Мне кажется, по-настоящему счастливые моменты в жизни Мелинды Оттрубаи были только тогда, когда она, знаменитая прима-балерина Венгерской оперы, сидела, улыбаясь, рядом с подполковником Советской Армии Федором Гуркиным в тесном будуаре перед его спальней, а закарпатская девушка Аннушка, робея и стесняясь «высоких господ», вносила поднос с дымящимся кофейником, двумя чашками и вазой со стопкой печенья.

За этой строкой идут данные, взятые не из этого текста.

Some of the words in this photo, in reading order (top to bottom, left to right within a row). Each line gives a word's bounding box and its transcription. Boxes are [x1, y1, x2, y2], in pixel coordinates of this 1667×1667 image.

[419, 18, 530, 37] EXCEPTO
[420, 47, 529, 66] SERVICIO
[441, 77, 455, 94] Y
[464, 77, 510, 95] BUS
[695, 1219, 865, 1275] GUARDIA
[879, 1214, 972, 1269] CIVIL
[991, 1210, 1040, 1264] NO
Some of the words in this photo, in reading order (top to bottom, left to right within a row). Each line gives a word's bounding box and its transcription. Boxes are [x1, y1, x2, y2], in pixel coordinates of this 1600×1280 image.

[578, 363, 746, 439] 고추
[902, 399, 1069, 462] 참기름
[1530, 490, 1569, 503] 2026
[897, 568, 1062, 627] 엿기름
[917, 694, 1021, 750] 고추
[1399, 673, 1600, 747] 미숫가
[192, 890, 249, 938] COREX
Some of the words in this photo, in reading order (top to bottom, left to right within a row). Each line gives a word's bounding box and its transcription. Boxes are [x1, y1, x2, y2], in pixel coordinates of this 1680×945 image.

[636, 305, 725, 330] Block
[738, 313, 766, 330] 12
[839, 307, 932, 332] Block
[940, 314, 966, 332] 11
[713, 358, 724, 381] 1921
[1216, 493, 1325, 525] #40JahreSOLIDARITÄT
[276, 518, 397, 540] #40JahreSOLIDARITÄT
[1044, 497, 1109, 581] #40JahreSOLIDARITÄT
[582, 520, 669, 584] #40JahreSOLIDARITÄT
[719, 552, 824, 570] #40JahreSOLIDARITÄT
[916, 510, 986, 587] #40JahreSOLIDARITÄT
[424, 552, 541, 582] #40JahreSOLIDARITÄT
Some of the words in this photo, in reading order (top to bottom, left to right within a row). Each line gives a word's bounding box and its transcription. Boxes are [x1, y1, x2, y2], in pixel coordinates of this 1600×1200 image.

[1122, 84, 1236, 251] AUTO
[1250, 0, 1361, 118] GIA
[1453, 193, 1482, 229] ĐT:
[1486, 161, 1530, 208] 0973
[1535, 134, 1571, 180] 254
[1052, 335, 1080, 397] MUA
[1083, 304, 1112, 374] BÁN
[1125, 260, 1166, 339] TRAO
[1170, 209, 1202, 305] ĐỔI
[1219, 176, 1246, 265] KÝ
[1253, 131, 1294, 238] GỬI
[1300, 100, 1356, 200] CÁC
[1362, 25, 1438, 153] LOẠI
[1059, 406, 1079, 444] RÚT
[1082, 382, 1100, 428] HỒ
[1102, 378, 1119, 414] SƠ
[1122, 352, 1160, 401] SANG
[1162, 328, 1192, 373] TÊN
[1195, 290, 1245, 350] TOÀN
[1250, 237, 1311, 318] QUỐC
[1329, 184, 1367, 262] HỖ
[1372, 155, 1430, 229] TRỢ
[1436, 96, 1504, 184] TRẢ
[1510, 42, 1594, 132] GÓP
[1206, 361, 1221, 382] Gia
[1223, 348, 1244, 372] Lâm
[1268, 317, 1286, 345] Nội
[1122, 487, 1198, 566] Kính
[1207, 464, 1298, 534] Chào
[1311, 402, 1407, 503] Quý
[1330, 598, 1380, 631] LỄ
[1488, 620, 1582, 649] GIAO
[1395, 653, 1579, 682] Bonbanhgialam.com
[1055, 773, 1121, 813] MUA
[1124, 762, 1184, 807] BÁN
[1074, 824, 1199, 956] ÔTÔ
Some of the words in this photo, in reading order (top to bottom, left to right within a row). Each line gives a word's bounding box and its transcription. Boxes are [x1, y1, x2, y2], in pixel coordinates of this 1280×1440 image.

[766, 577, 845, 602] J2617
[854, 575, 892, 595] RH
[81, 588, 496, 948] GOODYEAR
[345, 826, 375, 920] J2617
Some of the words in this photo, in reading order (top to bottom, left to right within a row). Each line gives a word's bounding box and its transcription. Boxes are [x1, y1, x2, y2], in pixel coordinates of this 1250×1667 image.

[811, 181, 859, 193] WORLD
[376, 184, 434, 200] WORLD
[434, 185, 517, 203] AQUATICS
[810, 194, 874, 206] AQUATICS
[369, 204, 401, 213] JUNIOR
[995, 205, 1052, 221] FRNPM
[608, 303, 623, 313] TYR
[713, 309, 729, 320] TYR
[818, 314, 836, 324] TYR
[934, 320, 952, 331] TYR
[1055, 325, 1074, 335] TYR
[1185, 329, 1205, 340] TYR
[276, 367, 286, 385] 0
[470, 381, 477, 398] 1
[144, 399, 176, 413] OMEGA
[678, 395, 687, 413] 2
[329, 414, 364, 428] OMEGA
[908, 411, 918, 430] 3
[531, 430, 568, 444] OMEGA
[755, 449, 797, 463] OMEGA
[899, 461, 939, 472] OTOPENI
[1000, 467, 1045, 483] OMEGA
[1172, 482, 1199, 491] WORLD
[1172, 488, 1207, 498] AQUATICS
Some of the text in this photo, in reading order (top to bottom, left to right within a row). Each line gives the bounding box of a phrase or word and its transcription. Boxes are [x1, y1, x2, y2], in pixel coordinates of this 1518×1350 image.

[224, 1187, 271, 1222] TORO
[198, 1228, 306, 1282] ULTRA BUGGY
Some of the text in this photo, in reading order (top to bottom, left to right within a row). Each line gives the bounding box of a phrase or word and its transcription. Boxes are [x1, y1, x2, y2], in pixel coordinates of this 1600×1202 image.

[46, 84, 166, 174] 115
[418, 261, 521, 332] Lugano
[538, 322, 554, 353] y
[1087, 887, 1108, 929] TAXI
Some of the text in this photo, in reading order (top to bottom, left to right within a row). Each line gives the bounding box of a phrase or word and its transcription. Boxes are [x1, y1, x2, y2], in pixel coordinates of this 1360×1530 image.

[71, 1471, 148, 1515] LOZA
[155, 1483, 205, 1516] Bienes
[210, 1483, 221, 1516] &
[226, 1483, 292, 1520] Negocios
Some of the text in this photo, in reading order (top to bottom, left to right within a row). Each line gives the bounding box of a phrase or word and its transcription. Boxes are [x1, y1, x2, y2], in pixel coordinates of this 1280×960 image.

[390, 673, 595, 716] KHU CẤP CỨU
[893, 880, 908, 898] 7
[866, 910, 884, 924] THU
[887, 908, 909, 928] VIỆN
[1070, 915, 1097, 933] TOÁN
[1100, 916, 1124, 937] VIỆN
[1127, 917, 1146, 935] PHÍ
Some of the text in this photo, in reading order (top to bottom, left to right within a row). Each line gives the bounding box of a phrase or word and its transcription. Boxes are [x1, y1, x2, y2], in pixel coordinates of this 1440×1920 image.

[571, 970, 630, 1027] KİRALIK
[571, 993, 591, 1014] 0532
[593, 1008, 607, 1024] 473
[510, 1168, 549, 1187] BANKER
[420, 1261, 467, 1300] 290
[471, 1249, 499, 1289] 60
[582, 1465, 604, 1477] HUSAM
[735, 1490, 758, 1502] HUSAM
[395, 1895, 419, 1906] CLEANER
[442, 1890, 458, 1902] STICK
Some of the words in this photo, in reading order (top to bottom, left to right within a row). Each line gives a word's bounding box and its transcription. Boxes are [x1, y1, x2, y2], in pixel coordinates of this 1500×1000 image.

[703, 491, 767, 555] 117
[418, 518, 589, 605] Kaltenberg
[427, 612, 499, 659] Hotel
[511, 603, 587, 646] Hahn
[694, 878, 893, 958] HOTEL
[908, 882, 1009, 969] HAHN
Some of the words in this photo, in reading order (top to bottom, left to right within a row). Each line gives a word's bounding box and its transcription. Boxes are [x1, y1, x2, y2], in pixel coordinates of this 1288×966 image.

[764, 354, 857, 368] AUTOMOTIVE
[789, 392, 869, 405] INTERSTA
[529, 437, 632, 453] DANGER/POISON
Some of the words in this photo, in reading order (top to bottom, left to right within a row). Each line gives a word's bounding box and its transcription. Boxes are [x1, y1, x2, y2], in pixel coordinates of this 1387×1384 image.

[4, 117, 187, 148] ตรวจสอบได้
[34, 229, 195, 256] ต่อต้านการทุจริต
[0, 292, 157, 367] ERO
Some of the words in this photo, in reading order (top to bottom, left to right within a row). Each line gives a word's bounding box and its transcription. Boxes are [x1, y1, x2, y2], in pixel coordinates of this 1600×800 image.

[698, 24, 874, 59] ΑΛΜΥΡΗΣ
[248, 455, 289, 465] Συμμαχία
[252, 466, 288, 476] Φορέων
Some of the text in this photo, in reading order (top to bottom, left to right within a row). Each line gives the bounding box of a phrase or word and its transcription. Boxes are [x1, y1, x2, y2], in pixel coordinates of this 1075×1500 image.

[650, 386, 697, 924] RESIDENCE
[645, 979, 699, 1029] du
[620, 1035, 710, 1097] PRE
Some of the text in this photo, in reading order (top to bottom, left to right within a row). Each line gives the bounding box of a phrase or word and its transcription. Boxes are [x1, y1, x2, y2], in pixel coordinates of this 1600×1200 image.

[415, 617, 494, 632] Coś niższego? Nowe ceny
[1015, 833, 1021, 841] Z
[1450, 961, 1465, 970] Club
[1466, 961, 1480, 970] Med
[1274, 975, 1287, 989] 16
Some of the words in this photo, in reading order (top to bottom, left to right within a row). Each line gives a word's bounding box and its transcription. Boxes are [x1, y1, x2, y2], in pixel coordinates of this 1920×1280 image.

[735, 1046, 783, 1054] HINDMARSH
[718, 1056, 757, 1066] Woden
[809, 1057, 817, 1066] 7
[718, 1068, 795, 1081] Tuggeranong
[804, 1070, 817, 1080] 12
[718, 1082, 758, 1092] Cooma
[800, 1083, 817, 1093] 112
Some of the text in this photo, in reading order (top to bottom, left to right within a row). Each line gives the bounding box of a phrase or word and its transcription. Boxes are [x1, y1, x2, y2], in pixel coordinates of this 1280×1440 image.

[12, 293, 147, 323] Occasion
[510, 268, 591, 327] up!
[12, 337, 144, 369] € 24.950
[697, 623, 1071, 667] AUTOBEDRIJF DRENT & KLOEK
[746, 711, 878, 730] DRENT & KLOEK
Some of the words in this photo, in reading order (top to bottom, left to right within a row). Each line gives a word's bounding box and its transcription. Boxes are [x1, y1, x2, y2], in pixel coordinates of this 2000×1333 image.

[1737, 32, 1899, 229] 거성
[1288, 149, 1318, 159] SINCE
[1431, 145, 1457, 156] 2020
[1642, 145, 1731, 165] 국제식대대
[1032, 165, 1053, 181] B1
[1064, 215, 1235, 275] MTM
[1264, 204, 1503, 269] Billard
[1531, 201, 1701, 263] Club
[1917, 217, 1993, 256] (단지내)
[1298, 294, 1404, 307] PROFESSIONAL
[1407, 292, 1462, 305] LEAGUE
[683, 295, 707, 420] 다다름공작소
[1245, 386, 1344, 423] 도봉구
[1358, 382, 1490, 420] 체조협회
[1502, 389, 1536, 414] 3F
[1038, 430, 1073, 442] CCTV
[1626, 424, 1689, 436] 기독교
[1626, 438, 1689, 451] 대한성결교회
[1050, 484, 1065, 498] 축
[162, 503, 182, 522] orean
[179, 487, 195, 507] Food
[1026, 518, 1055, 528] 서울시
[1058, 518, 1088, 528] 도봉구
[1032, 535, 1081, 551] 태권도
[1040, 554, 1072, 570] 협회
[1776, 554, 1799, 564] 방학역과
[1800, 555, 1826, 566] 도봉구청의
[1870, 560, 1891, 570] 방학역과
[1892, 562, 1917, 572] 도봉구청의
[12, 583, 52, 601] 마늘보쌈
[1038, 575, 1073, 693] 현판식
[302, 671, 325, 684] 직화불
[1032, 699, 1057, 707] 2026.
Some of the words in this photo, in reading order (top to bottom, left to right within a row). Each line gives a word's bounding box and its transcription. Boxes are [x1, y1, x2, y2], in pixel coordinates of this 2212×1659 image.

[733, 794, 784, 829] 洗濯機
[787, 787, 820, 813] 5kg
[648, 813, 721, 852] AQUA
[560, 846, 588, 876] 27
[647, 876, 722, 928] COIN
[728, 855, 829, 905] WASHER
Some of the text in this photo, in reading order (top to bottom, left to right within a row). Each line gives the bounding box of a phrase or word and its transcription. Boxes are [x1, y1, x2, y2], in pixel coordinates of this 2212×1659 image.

Печенья из нашего офицерского доппайка.
ЭТОТ БЕЗДЕЛЬНИК АНДРЕАС
Каждый день, не исключая и выходных, ровно в шесть часов утра в одном из узких переулков, стекавшихся к улице Дамянич, ближе к городскому парку, там, где незаметно прятались жилища состоятельных венгров, отдельные особняки или четырех-пятиквартирные, богато отделанные дома, бесшумно открывалась широкая со вставными зеркальными окнами дверь подъезда. Портье, он же дворник, выходил на улицу, придерживая створку, и, почтительно сдернув форменную фуражку, с поклоном выпускал одного из жильцов, постоянно одаривавшего его за эту услугу двумя или тремя форинтами. В то время входные двери больших дорогих домов находились исключительно в ведении портье и его супруги, они обязаны были в любое время впускать или выпускать жильцов, получая за это особую плату далеко не от всех.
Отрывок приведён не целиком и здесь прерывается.